TASK DETAILS:
Reproduce every record below word for word and include no pictures.

........

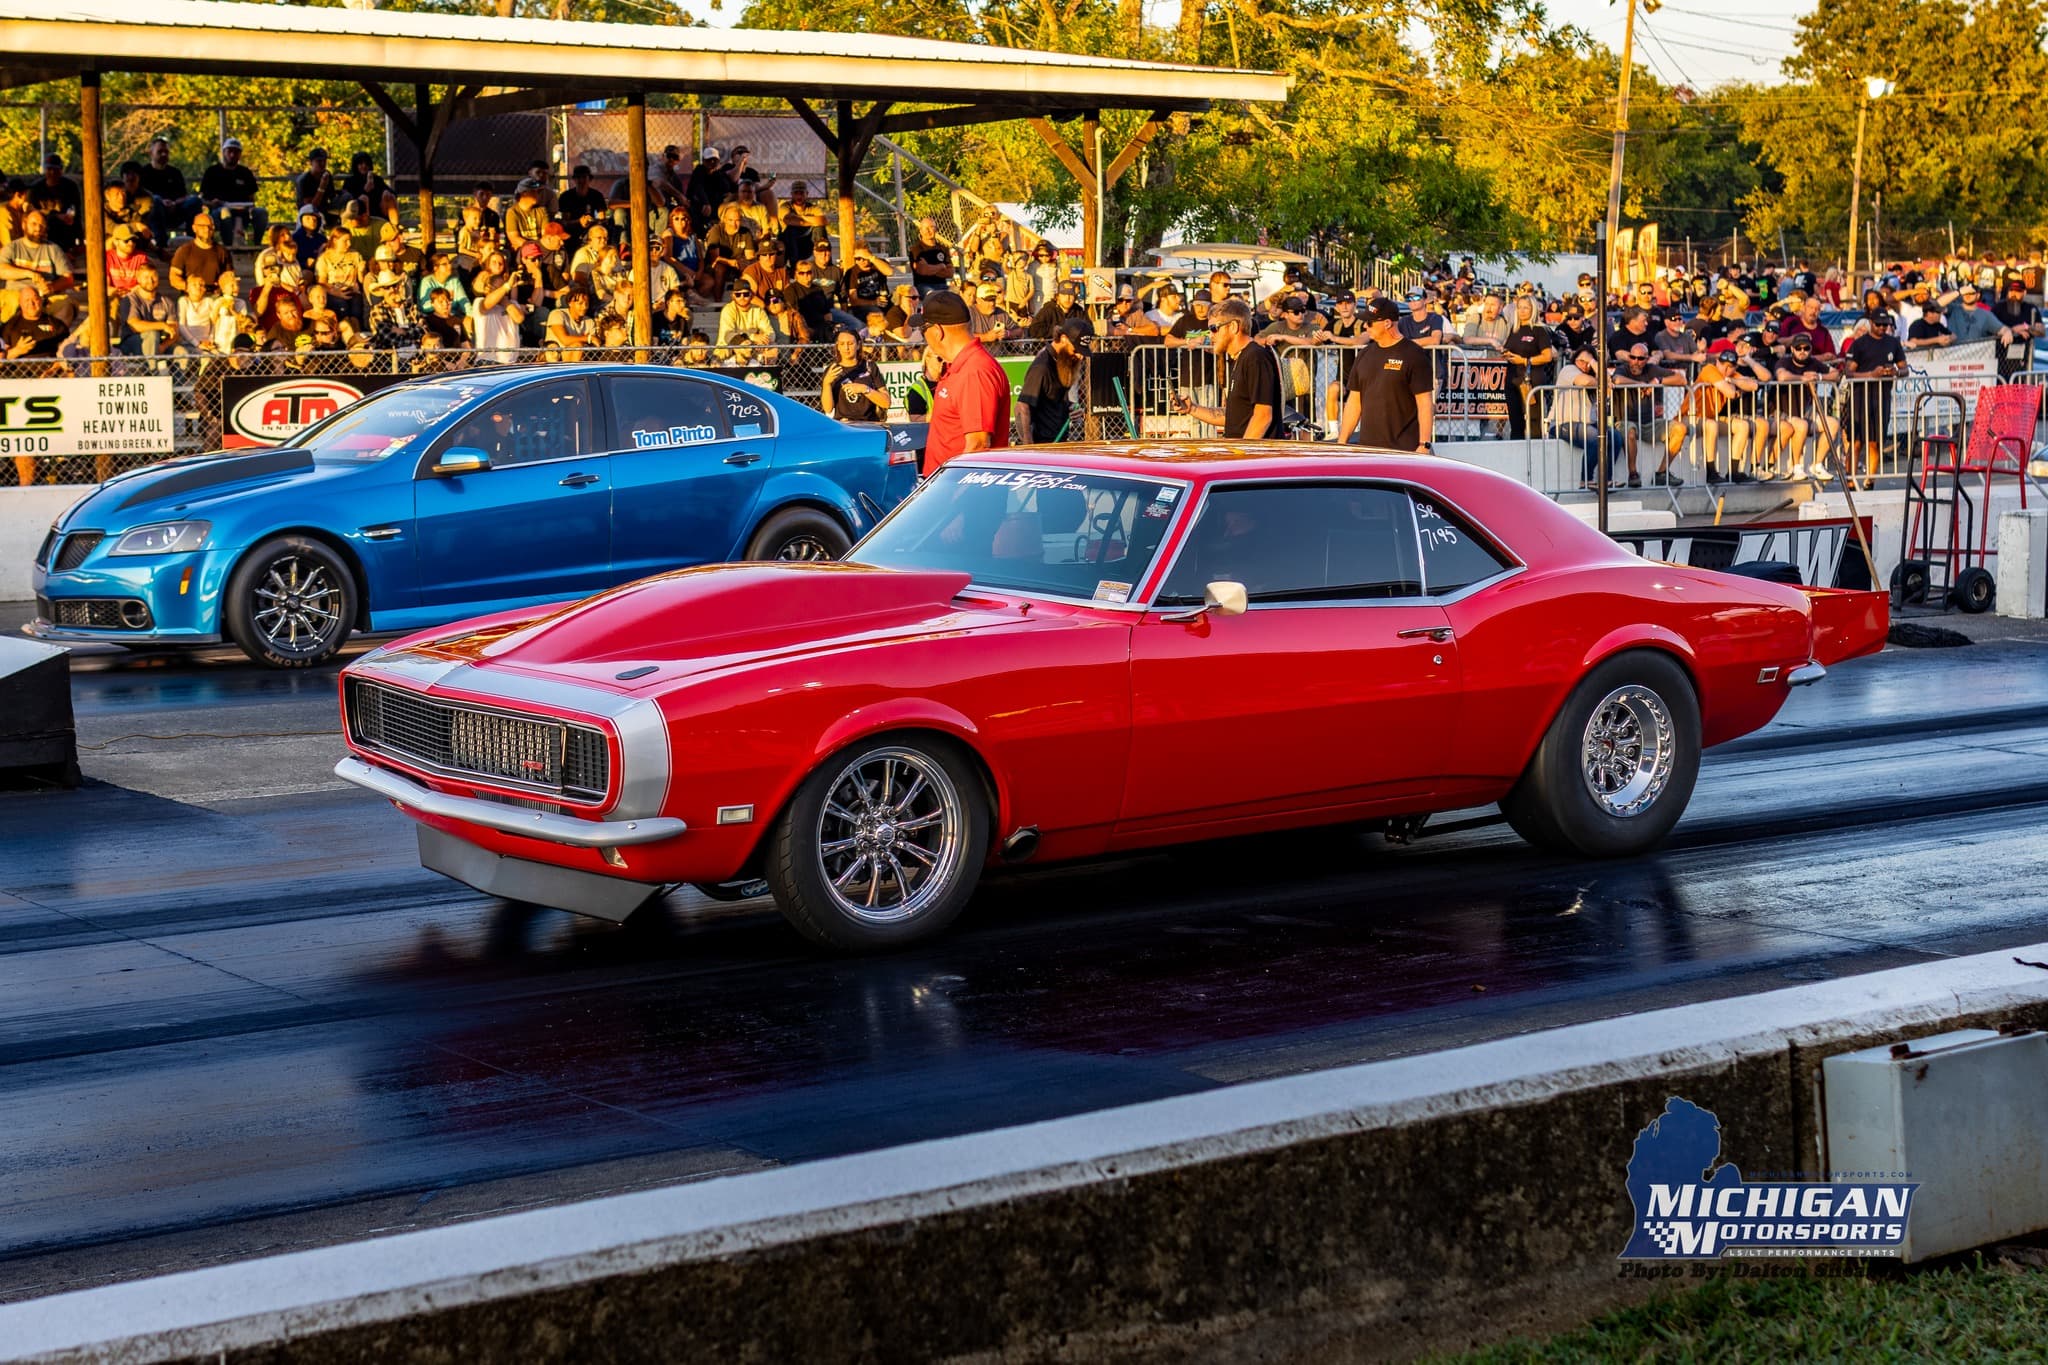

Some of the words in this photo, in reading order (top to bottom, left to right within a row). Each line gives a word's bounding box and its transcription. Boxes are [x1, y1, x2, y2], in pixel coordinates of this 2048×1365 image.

[98, 383, 145, 397] REPAIR
[97, 400, 149, 415] TOWING
[262, 392, 339, 425] ATM
[83, 419, 126, 434] HEAVY
[129, 418, 163, 433] HAUL
[77, 439, 120, 450] BOWLING
[157, 437, 169, 449] KY
[633, 431, 669, 448] Tom
[669, 425, 716, 445] Pinto
[1420, 525, 1458, 551] 7195

........

TASK RESPONSE:
Some of the words in this photo, in reading order (top to bottom, left to right within a row). Each line gives a word's bounding box and its transcription. Boxes are [x1, y1, x2, y2], in pixel coordinates of this 2048×1365 image.

[98, 383, 145, 397] REPAIR
[97, 400, 149, 415] TOWING
[262, 392, 339, 425] ATM
[83, 419, 126, 434] HEAVY
[129, 418, 163, 433] HAUL
[77, 439, 120, 450] BOWLING
[157, 437, 169, 449] KY
[633, 431, 669, 448] Tom
[669, 425, 716, 445] Pinto
[1420, 525, 1458, 551] 7195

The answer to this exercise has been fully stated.